--- Records supplied ---
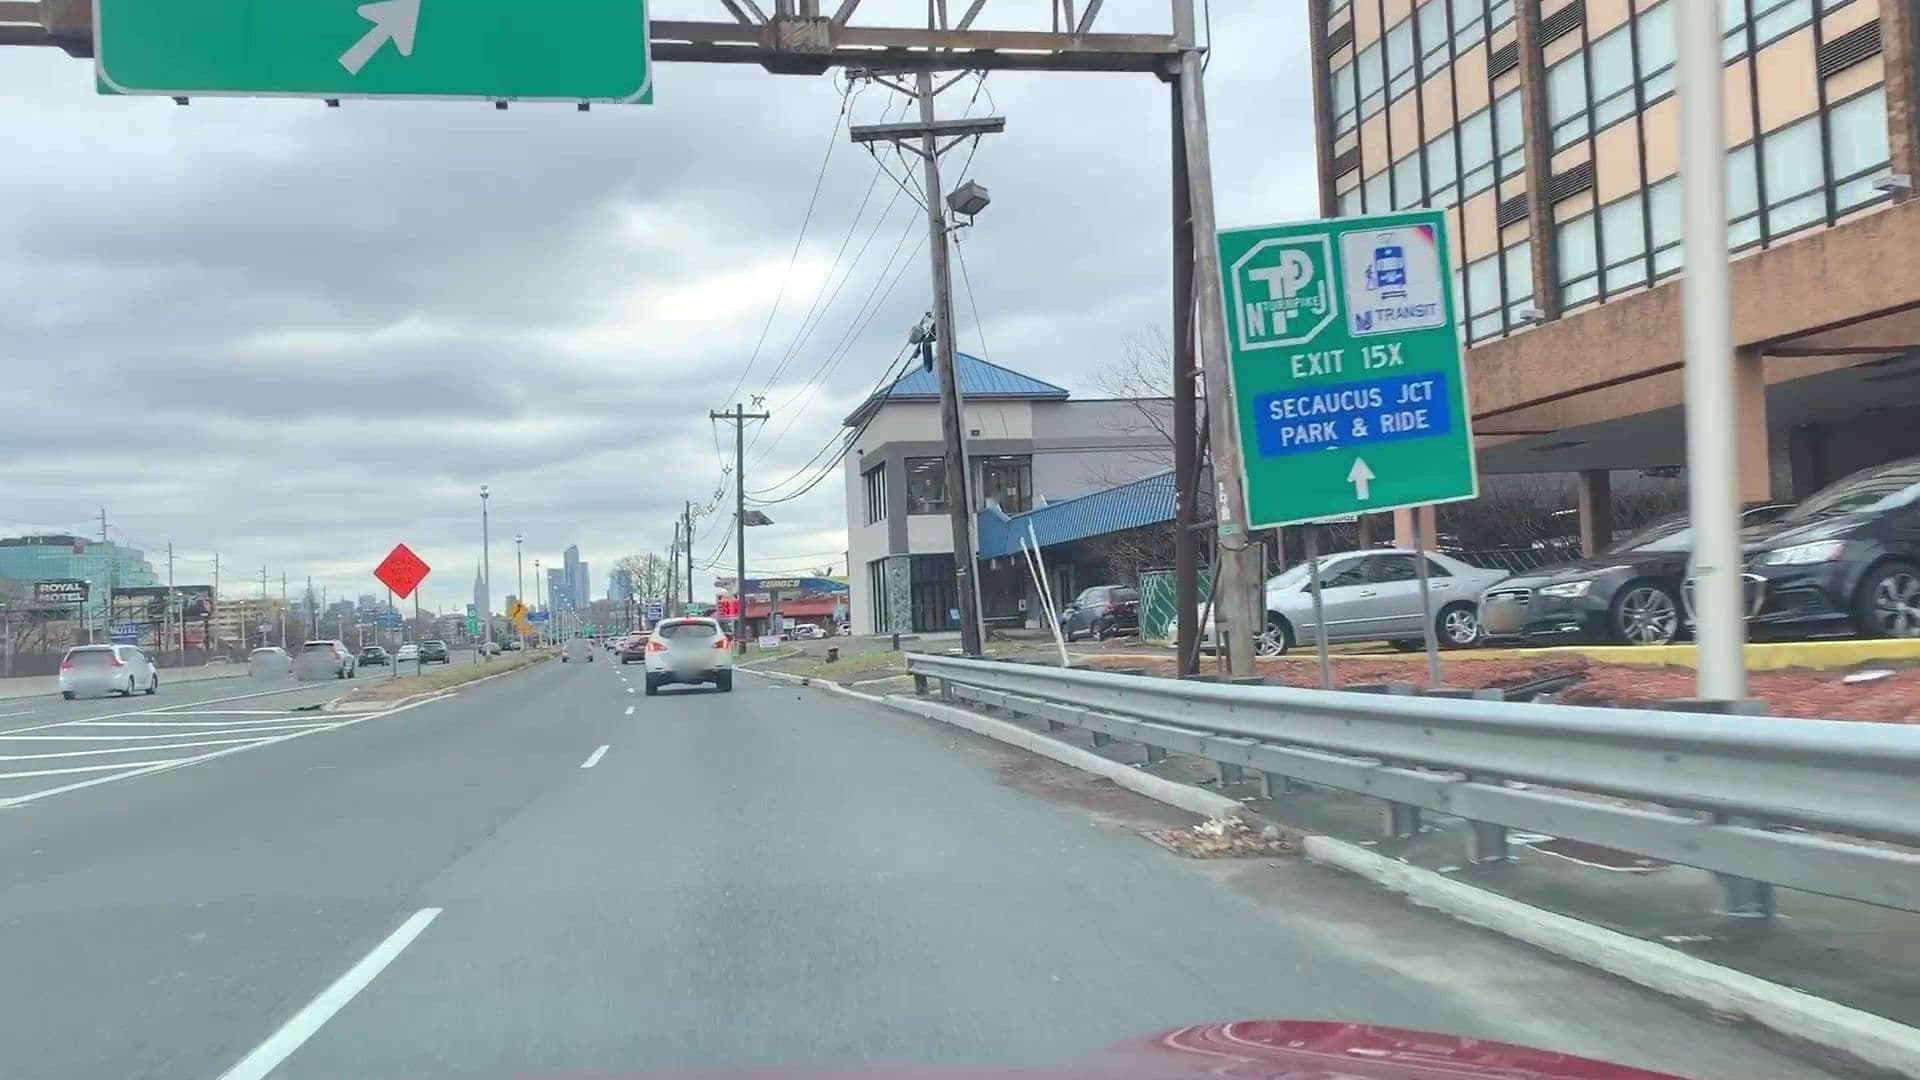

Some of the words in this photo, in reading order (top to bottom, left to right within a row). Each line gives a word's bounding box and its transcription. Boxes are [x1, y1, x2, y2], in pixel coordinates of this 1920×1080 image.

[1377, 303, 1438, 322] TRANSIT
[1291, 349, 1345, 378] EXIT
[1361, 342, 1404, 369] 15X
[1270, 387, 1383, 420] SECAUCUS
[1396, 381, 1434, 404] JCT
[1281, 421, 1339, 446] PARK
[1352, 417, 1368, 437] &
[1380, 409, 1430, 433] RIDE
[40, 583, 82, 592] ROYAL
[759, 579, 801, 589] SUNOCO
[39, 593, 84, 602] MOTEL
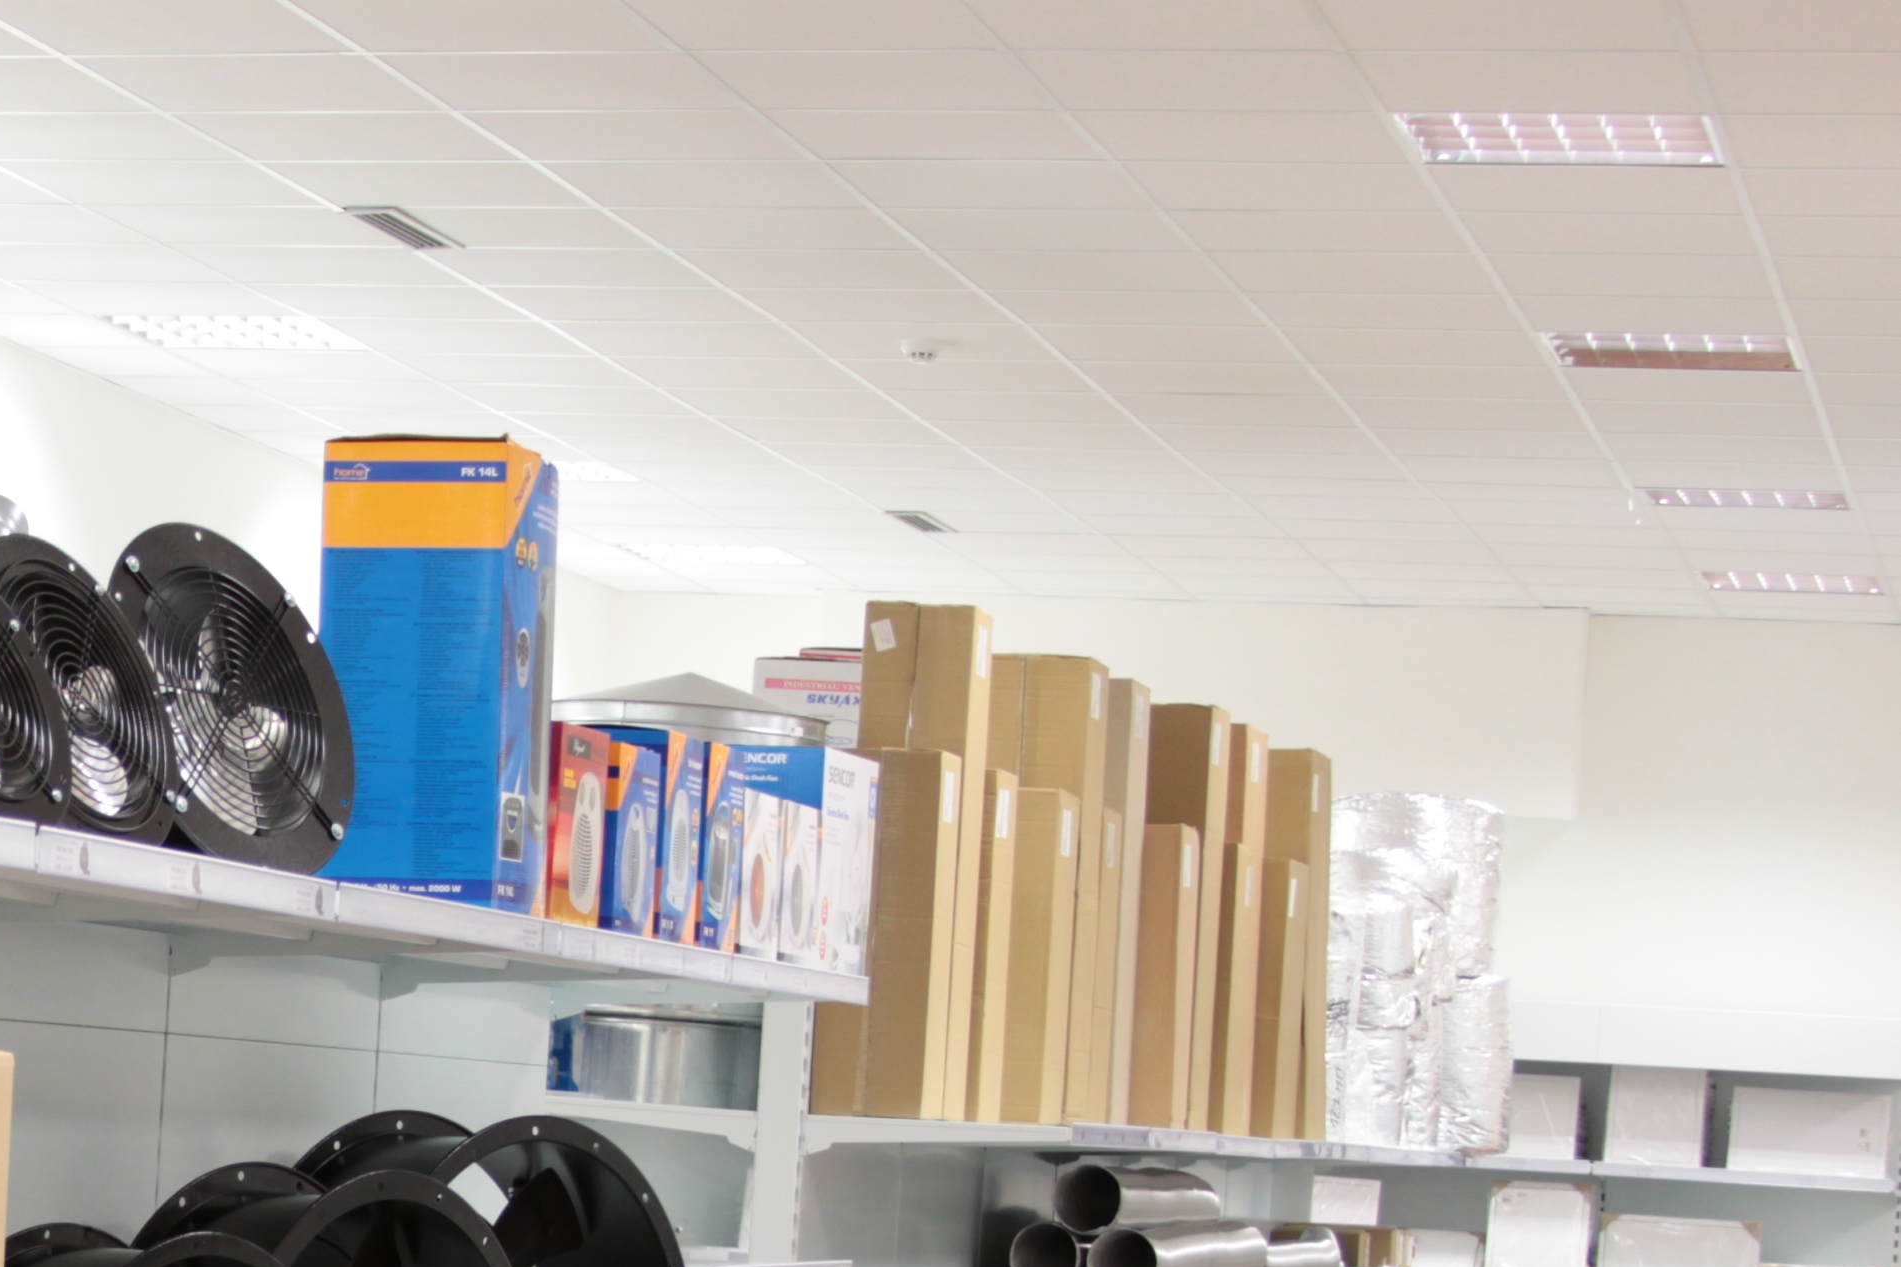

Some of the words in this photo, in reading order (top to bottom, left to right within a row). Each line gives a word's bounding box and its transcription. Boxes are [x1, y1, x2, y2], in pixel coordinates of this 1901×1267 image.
---
Please give back all the records above word for word, with no pictures included.

Some of the words in this photo, in reading order (top to bottom, left to right within a row). Each line gives a word's bounding box and its transcription. Boxes are [x1, y1, x2, y2], in pixel coordinates of this 1920×1080 image.

[1377, 303, 1438, 322] TRANSIT
[1291, 349, 1345, 378] EXIT
[1361, 342, 1404, 369] 15X
[1270, 387, 1383, 420] SECAUCUS
[1396, 381, 1434, 404] JCT
[1281, 421, 1339, 446] PARK
[1352, 417, 1368, 437] &
[1380, 409, 1430, 433] RIDE
[40, 583, 82, 592] ROYAL
[759, 579, 801, 589] SUNOCO
[39, 593, 84, 602] MOTEL

Some of the words in this photo, in reading order (top to bottom, left to right within a row). Each line gives a word's bounding box and its transcription. Boxes are [x1, y1, x2, y2], in pixel coordinates of this 1901×1267 image.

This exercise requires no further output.